ML Workbench provides an easy command line interface for machine learning life cycle, which involves four stages:
There are "local" and "cloud" run mode for each stage. "cloud" run mode is recommended if your data is big.
ML Workbench supports numeric, categorical, text, image training data. For each type, there are a set of "transforms" to choose from. The "transforms" indicate how to convert the data into numeric features. For images, it is converted to fixed size vectors representing high level features.
In this notebook, we are going to predict resolution of police reports. we will build a binary classifier --- Either there were actions taken such as arrest, citation, etc, or nothing. This is an imagenary scenario. We are not sure if the prediction does make sense in reality but we use the data to demonstrate how to use ML Workbench to create a classification model with structured data.

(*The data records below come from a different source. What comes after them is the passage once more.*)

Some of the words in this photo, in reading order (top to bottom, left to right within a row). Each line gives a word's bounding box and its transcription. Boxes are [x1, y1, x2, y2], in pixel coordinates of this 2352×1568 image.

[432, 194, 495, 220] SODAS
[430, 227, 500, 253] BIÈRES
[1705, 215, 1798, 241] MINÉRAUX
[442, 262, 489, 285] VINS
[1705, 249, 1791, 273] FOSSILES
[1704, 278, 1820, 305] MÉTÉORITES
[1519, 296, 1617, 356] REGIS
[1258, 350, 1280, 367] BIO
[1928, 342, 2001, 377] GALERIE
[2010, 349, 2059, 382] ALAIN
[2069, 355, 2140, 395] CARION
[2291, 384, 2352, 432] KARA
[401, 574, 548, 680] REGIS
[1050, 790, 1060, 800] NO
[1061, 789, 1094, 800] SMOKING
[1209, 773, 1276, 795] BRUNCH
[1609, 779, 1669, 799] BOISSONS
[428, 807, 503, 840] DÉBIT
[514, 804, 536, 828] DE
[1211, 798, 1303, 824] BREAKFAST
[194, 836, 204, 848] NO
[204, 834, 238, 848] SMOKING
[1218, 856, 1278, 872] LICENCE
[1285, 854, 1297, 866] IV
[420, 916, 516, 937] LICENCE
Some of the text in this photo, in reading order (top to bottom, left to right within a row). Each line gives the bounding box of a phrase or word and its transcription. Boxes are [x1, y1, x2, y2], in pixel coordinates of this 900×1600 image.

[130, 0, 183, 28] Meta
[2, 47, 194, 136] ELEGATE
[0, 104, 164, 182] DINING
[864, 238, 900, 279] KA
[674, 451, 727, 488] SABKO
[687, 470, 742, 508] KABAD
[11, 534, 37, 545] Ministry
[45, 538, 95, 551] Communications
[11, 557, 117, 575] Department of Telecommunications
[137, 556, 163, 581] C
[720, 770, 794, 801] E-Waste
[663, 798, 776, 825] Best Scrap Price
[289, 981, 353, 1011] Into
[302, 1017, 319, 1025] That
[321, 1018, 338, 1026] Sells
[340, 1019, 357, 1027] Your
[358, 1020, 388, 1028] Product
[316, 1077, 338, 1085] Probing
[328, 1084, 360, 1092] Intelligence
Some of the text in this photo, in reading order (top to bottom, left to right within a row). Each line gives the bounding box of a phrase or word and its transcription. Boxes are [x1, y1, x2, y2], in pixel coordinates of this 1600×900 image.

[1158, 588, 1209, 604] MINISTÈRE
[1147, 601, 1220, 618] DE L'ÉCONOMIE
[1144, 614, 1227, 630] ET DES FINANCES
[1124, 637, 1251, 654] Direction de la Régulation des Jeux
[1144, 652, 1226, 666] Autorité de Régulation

The original data is stored as a BigQuery public dataset. See San Francisco Police Reports Data for more details.
In [1]:
%%bq tables describe
name: bigquery-public-data.san_francisco.sfpd_incidents
Out[1]:
In [2]:
%%bq query
select * from `bigquery-public-data.san_francisco.sfpd_incidents` LIMIT 10
Out[2]:
In [3]:
%%bq query
select count(*) from `bigquery-public-data.san_francisco.sfpd_incidents`
Out[3]:
In [7]:
%%bq query
SELECT resolution, count(*) as count FROM `bigquery-public-data.san_francisco.sfpd_incidents` GROUP BY resolution
Out[7]:
We can use facets tools to visualize the overview of the data.
In [ ]:
from google.datalab.ml import FacetsOverview
from google.datalab.ml import BigQueryDataSet
data = BigQueryDataSet(table = 'bigquery-public-data.san_francisco.sfpd_incidents')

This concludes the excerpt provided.